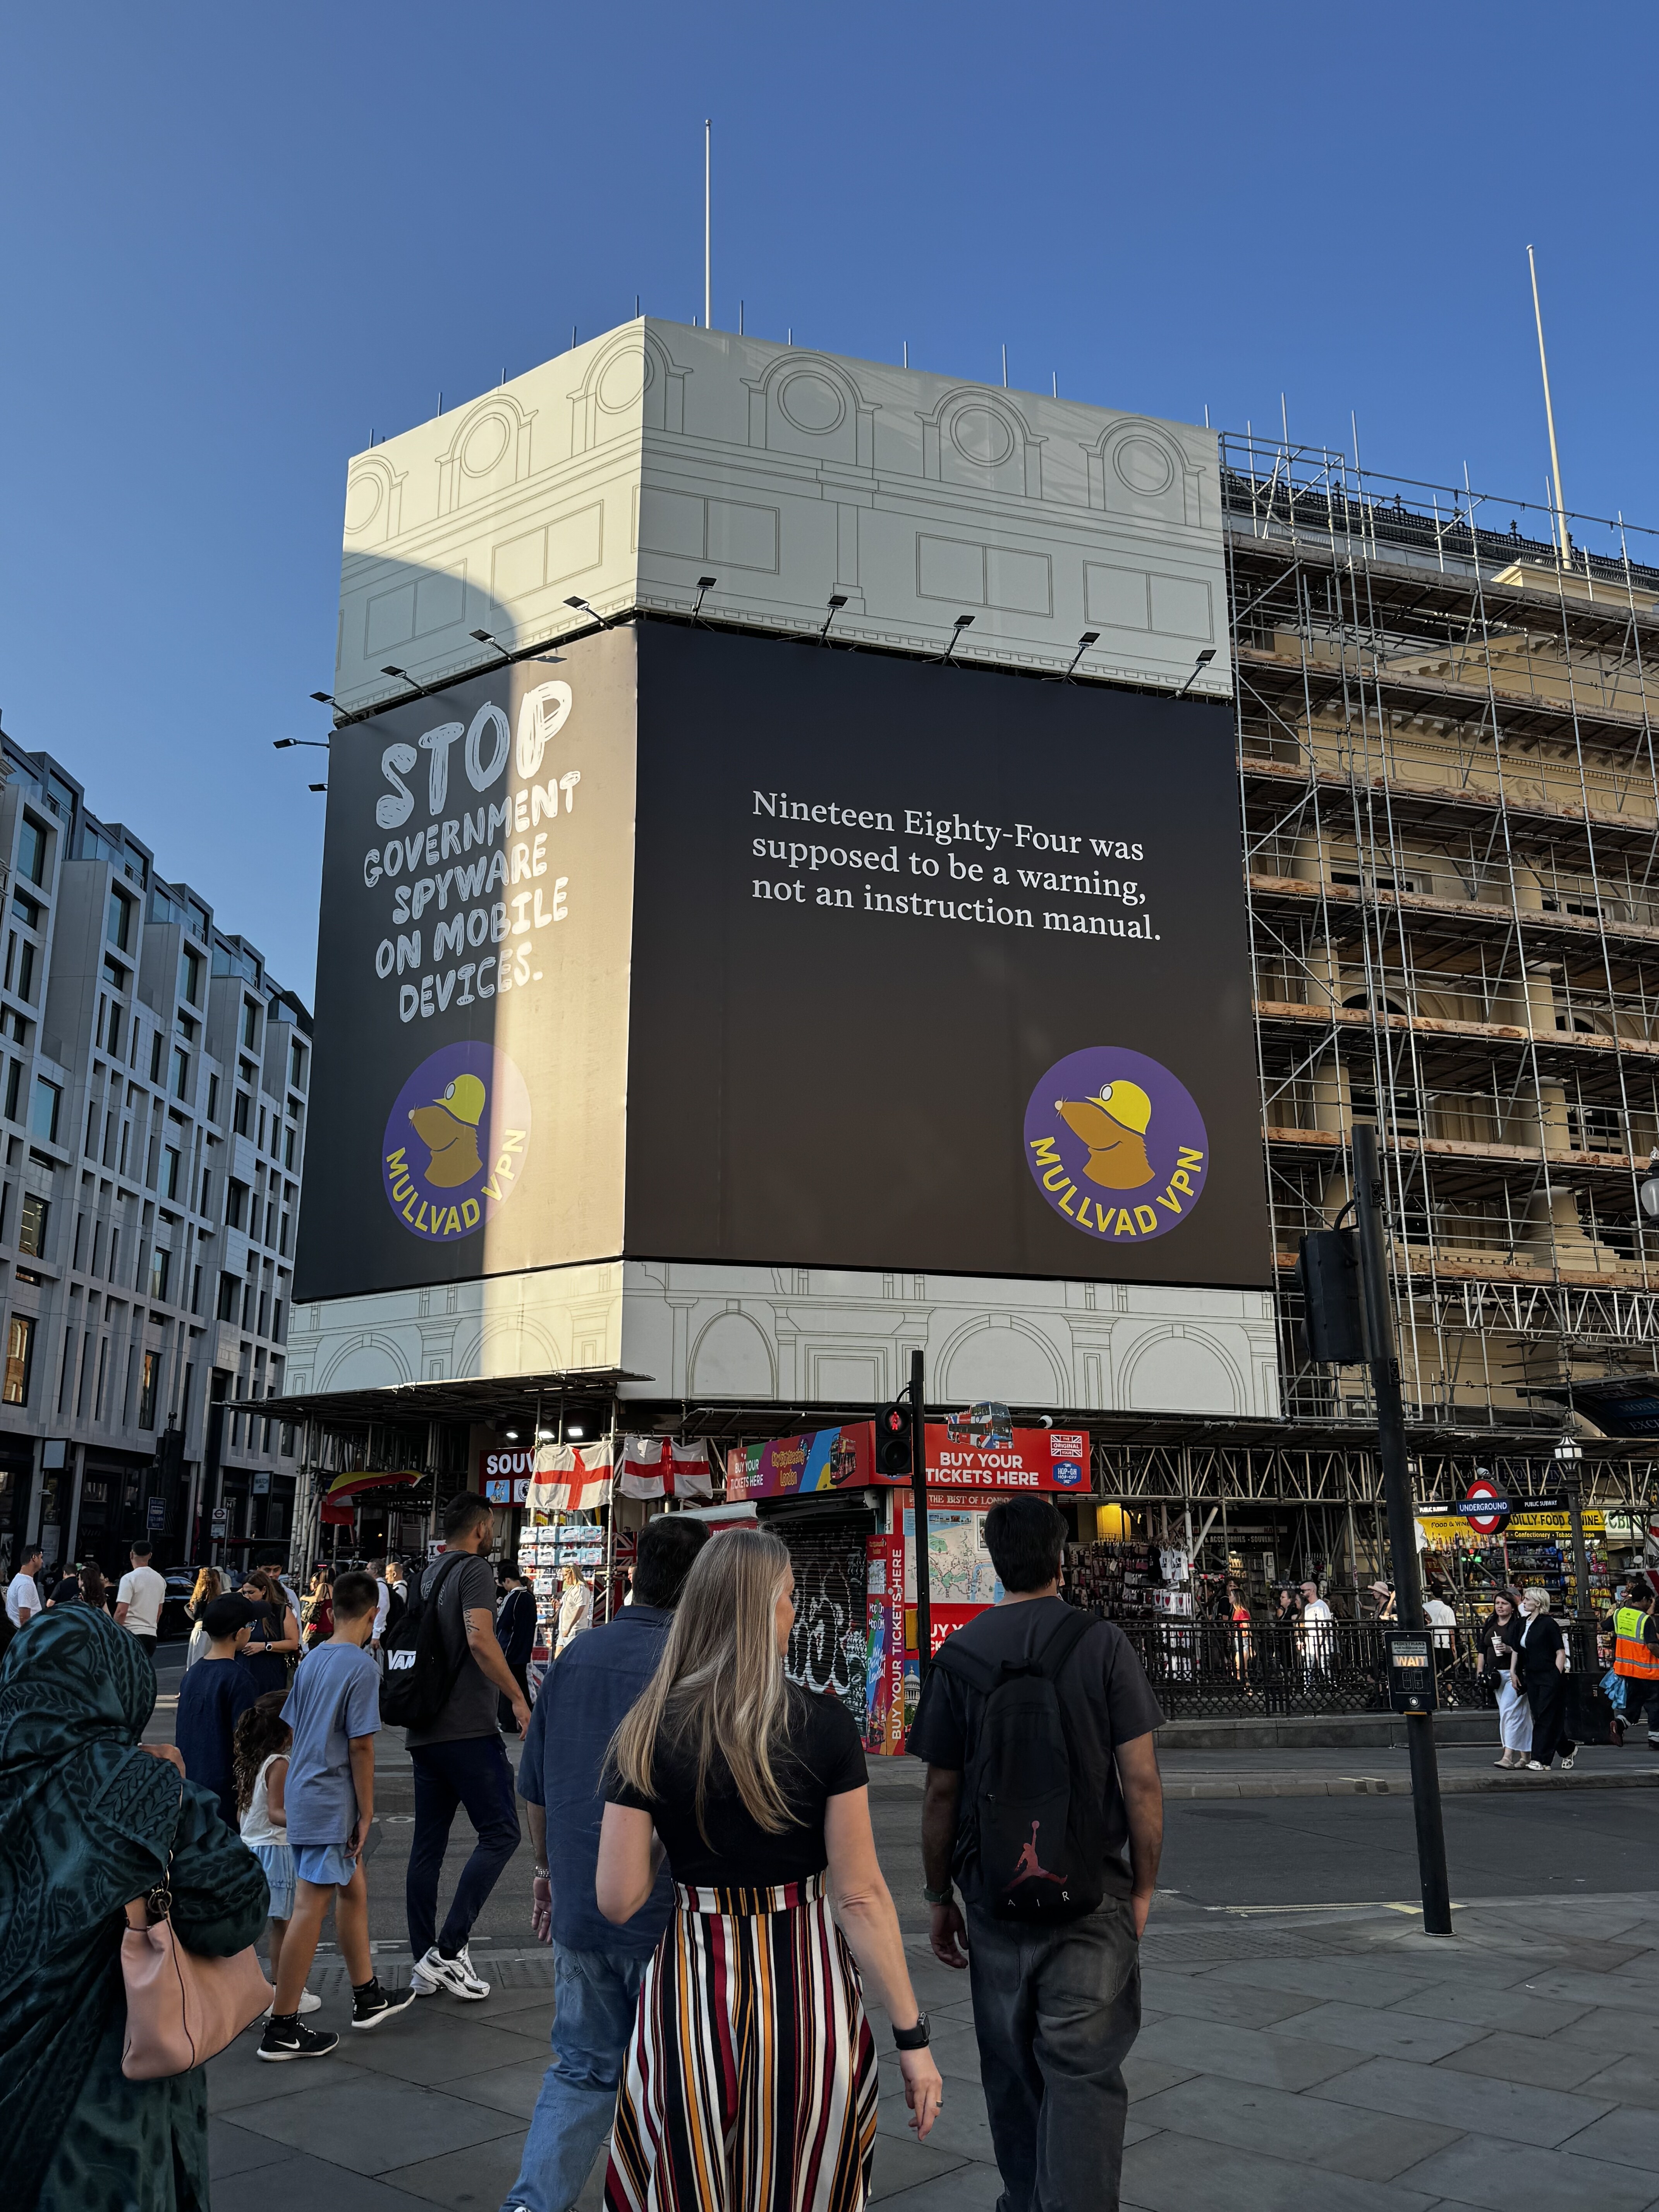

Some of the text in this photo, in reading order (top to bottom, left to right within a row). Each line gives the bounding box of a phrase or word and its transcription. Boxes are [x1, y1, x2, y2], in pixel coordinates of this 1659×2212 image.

[376, 680, 572, 829] STOP
[364, 771, 581, 887] GOVERNMENT
[752, 791, 1144, 860] Nineteen Eighty-Four was
[393, 832, 548, 925] SPYWARE
[752, 836, 1146, 906] supposed to be a warning,
[376, 876, 568, 979] ON MOBILE
[752, 878, 1161, 940] not an instruction manual.
[400, 941, 543, 1023] DEVICES.
[386, 1128, 527, 1235] MULLVAD VPN
[1030, 1136, 1203, 1236] MULLVAD VPN
[730, 1474, 764, 1489] TICKETS HERE
[735, 1458, 759, 1474] BUY YOUR
[926, 1468, 1039, 1486] TICKETS HERE
[940, 1452, 1023, 1469] BUY YOUR
[929, 1495, 944, 1503] THE
[969, 1496, 979, 1504] OF
[981, 1496, 1013, 1505] LONDO
[1459, 1502, 1508, 1512] UNDERGROUND
[1540, 1515, 1565, 1526] FOOD
[892, 1549, 902, 1740] BUY YOUR TICKETS HERE
[931, 1624, 949, 1638] UY
[1396, 1656, 1426, 1667] WAIT
..............................
▸ **Your task**:
Every line above should be reproduced exactly, please, with no pictures included.

▸ **Problem solution**:
Some of the text in this photo, in reading order (top to bottom, left to right within a row). Each line gives the bounding box of a phrase or word and its transcription. Boxes are [x1, y1, x2, y2], in pixel coordinates of this 1659×2212 image.

[376, 680, 572, 829] STOP
[364, 771, 581, 887] GOVERNMENT
[752, 791, 1144, 860] Nineteen Eighty-Four was
[393, 832, 548, 925] SPYWARE
[752, 836, 1146, 906] supposed to be a warning,
[376, 876, 568, 979] ON MOBILE
[752, 878, 1161, 940] not an instruction manual.
[400, 941, 543, 1023] DEVICES.
[386, 1128, 527, 1235] MULLVAD VPN
[1030, 1136, 1203, 1236] MULLVAD VPN
[730, 1474, 764, 1489] TICKETS HERE
[735, 1458, 759, 1474] BUY YOUR
[926, 1468, 1039, 1486] TICKETS HERE
[940, 1452, 1023, 1469] BUY YOUR
[929, 1495, 944, 1503] THE
[969, 1496, 979, 1504] OF
[981, 1496, 1013, 1505] LONDO
[1459, 1502, 1508, 1512] UNDERGROUND
[1540, 1515, 1565, 1526] FOOD
[892, 1549, 902, 1740] BUY YOUR TICKETS HERE
[931, 1624, 949, 1638] UY
[1396, 1656, 1426, 1667] WAIT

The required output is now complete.